- _WHAT IS NEEDED_
Print every entry exactly as it appears, but skip the pictures.

DATA FOR ANALYSIS Block Start

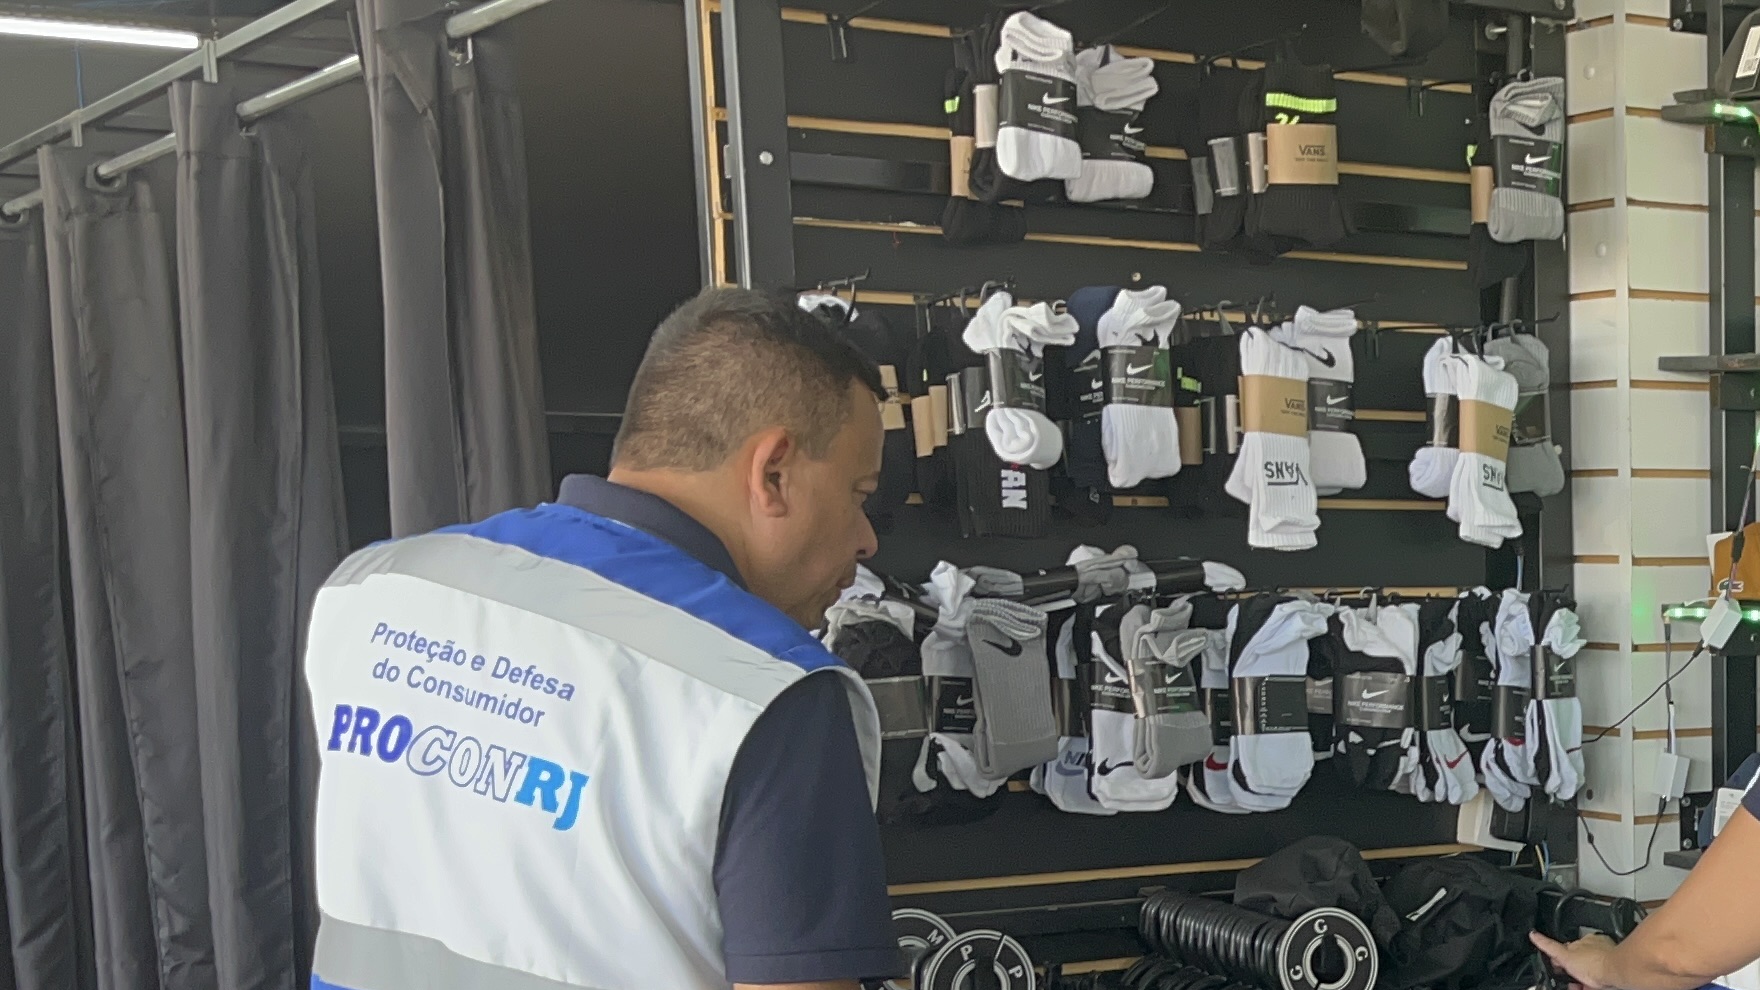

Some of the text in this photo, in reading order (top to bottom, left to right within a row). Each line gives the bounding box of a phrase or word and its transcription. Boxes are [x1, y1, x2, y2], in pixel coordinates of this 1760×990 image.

[1299, 144, 1326, 156] VANS
[1264, 461, 1308, 486] VANS
[370, 622, 576, 702] Proteção e Defesa
[372, 657, 545, 727] do Consumidor
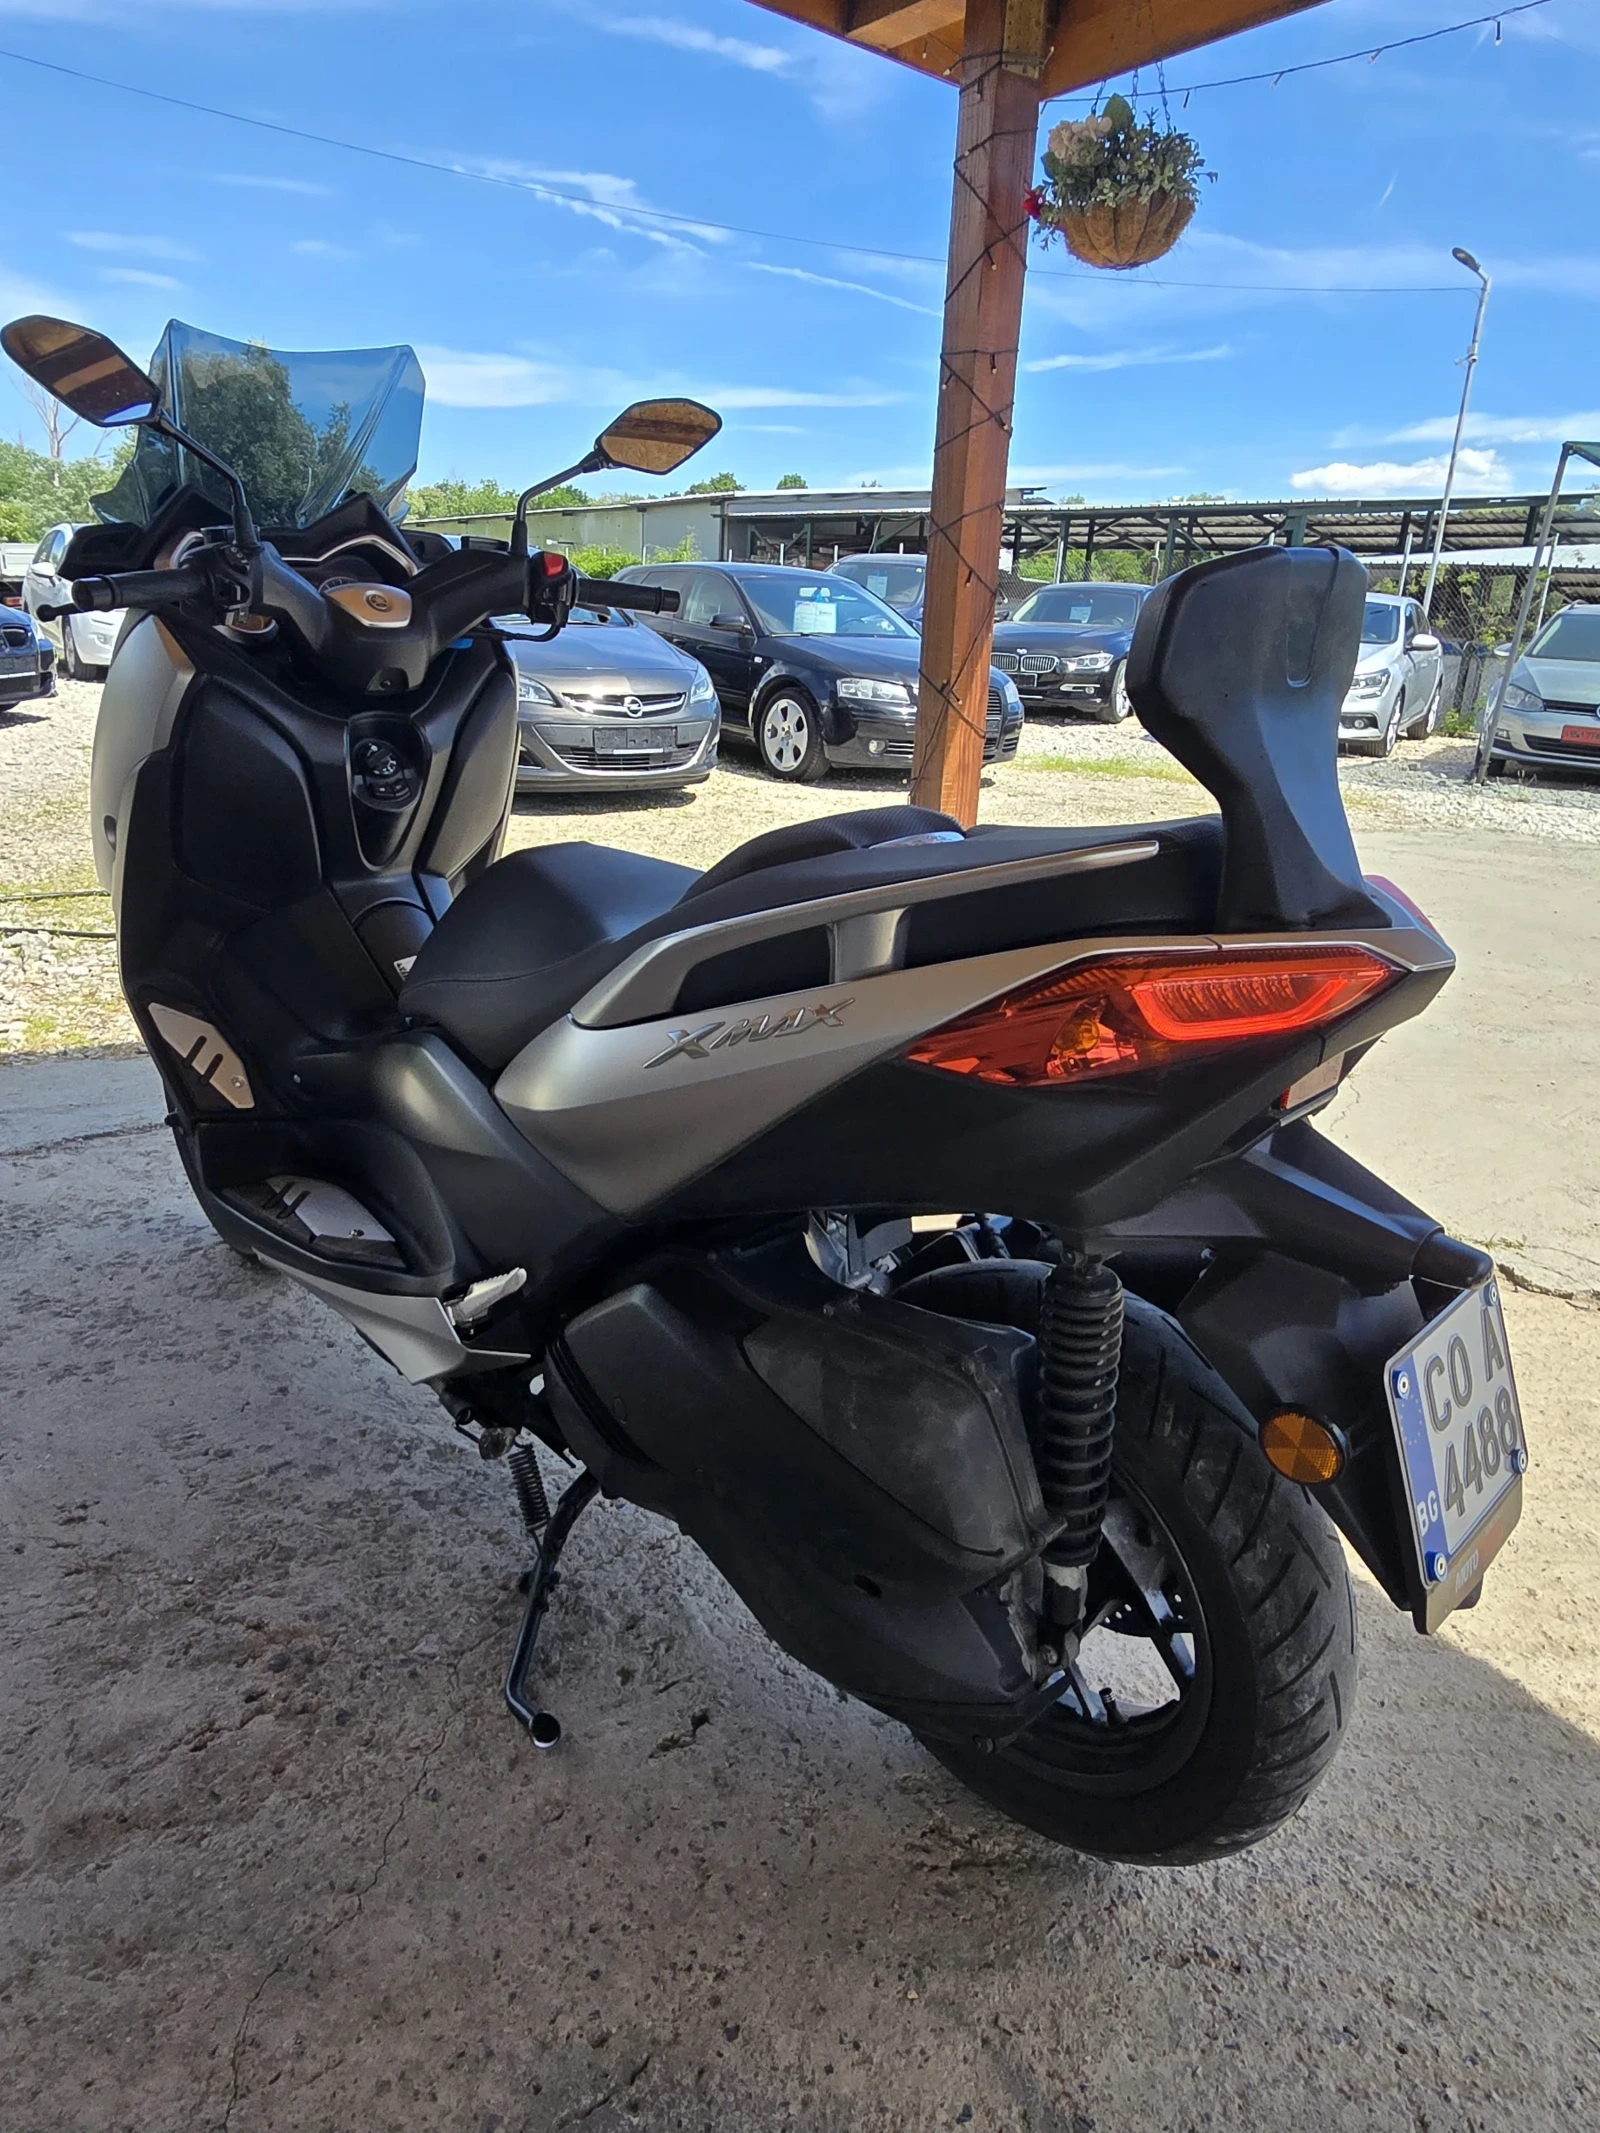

DATA FOR ANALYSIS Block End

- _SOLUTION TO THIS EXERCISE_
Some of the text in this photo, in reading order (top to bottom, left to right within a row). Each line gives the bounding box of a phrase or word and its transcription. Boxes are [x1, y1, x2, y2], in pixel coordinates of this 1760×990 image.

[1299, 144, 1326, 156] VANS
[1264, 461, 1308, 486] VANS
[370, 622, 576, 702] Proteção e Defesa
[372, 657, 545, 727] do Consumidor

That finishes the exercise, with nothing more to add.